It is a side view of a hybrid vehicle to which the traction control of the present invention is applied. 1 is a block diagram showing a system configuration of a hybrid vehicle. 2 is a cross-sectional view showing a configuration of a power unit 11. FIG. It is an enlarged view of the principal part of FIG. It is the flowchart which showed the procedure of traction control. It is a flowchart of traction control using an ACG starter. It is a flowchart of the traction control using a drive motor. It is a flowchart of the traction control using a drive motor at the time of series hybrid travel. It is a timing chart of traction control using an ACG starter. It is a timing chart of traction control using a drive motor. It is a timing chart of traction control using a drive motor at the time of series hybrid travel.

Explanation of symbols

  DESCRIPTION OF SYMBOLS 11 ... Power unit, 20 ... Engine, 21a ... ACG starter, 21b ... Drive motor, 23 ... Continuously variable transmission

Claims (6)

Engine,
A transmission mechanism for transmitting the power of the engine to drive wheels;
A generator for generating electric power from the engine;
A drive motor connected to the drive wheel and generating power by the output of the generator;
In the traction control device for a hybrid vehicle that travels with the power of at least one of the engine and the drive motor,
Slip detection means for detecting the slip state of the vehicle;
A traction control device for a hybrid vehicle, comprising: control means for controlling output characteristics of at least one of the generator and the drive motor when a predetermined slip state is detected.

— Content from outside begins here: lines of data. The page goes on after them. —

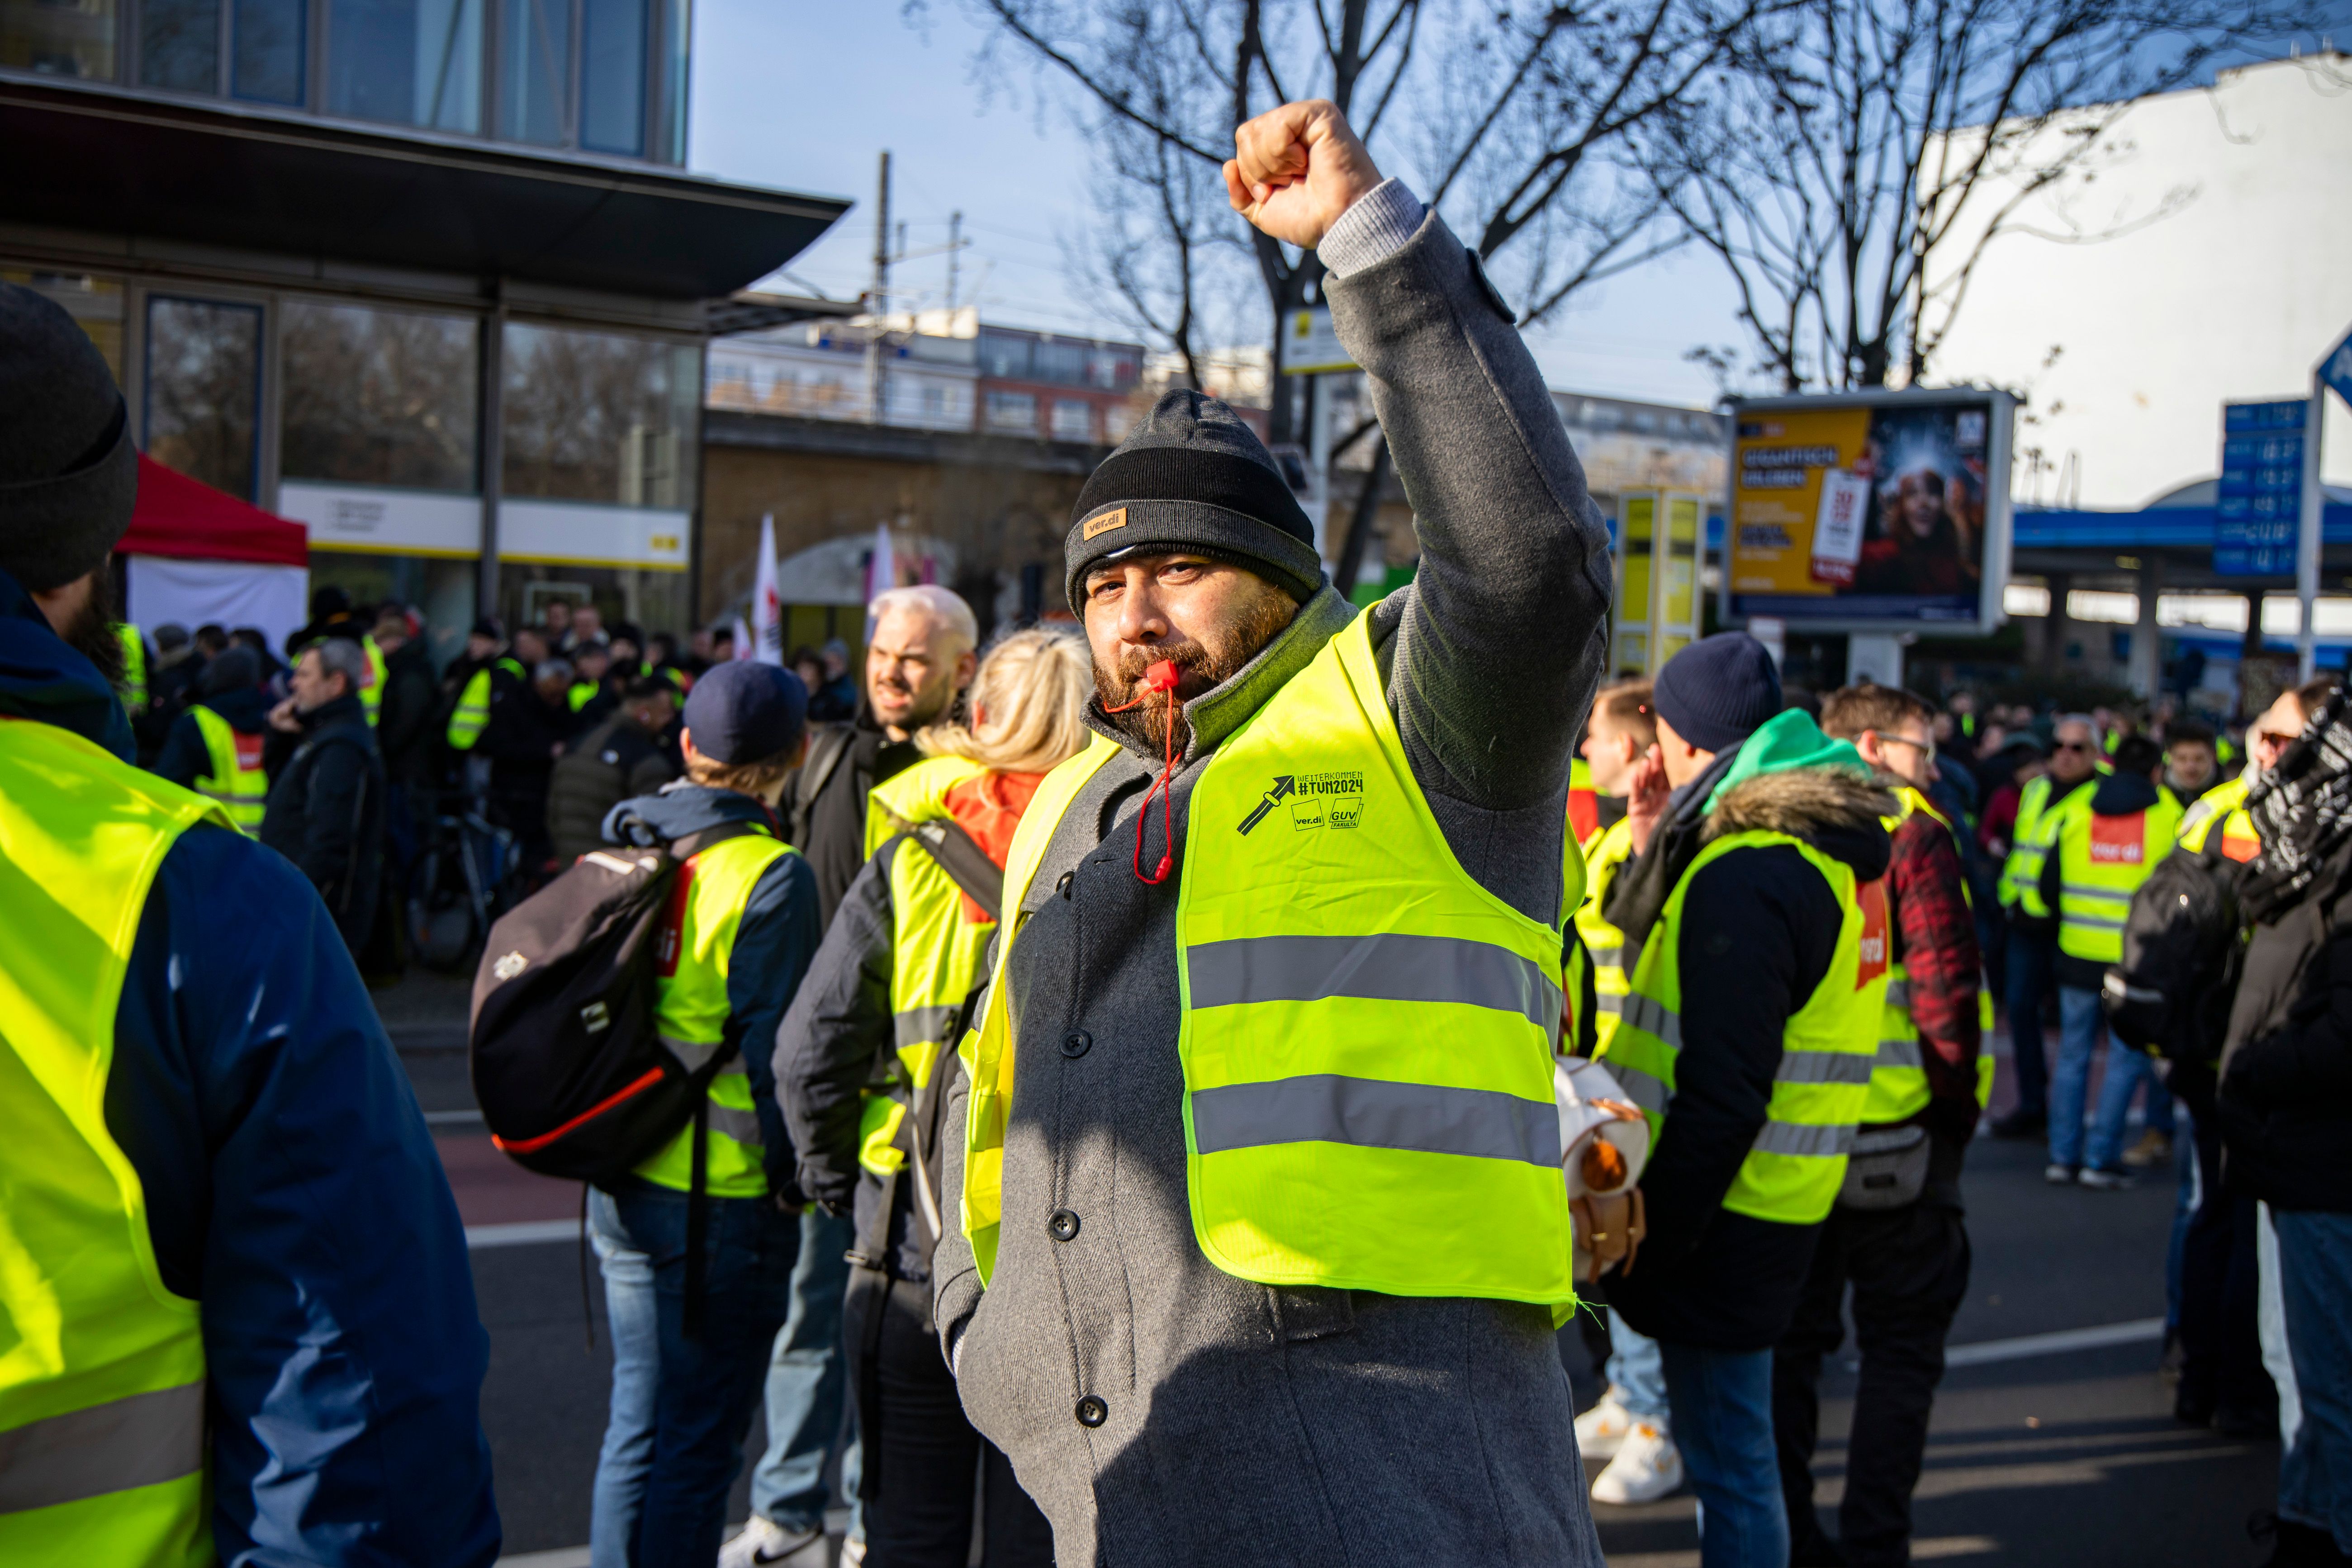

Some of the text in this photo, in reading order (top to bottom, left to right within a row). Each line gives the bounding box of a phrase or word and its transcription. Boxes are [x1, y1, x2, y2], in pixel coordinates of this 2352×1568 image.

[1089, 513, 1119, 532] ver.di
[1298, 771, 1363, 782] WEITERKOMMEN
[1298, 779, 1363, 796] #TVN2024
[1296, 816, 1321, 824] ver.di
[1332, 811, 1356, 820] GUV
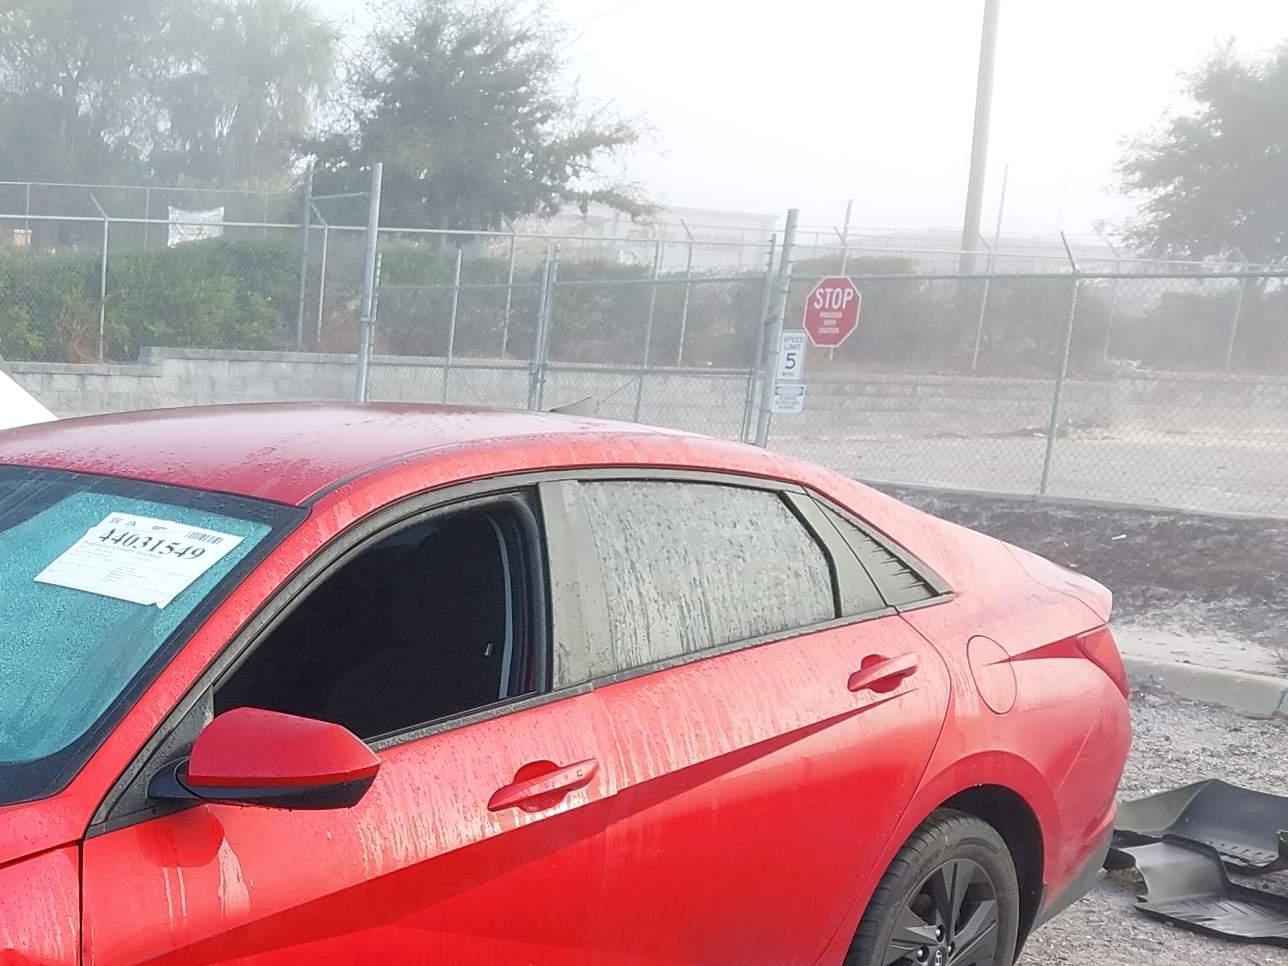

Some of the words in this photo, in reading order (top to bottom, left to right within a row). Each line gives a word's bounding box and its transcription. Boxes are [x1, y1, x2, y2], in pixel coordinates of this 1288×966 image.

[814, 288, 853, 309] STOP
[785, 352, 797, 370] 5
[98, 528, 206, 560] 44031549

A first traveling mode for traveling with the power of the drive motor; and a second traveling mode for traveling with the power of the engine;
When the predetermined slip state is detected in the first traveling mode, the control means executes either control for reducing the output of the drive motor or control for causing the drive motor to function as a generator. The traction control device for a hybrid vehicle according to claim 1. A first traveling mode for traveling with the power of the drive motor; and a second traveling mode for traveling with the power of the engine;
2. The traction control device for a hybrid vehicle according to claim 1, wherein the control unit increases a power generation amount of the generator when a predetermined slip state is detected in the second traveling mode. 3.   4. The traction control device for a hybrid vehicle according to claim 3, wherein the control unit causes the drive motor to function as a generator when the slip state is not resolved even if the power generation amount of the generator is increased. 5. . The slip detection means includes
Means for detecting the rotational speed of the driven wheel;
Means for detecting the rotational speed of the drive motor;
The traction control device for a hybrid vehicle according to any one of claims 1 to 4, further comprising means for calculating a slip amount based on a rotational speed of the driven wheel and a rotational speed of the drive motor. Means for monitoring the state of charge of the battery;
And a charge limiting means for consuming the generated energy by an electric load other than the battery when the remaining charge of the battery is sufficient when the generator and the drive motor function as a generator by the control means. A hybrid vehicle traction control device.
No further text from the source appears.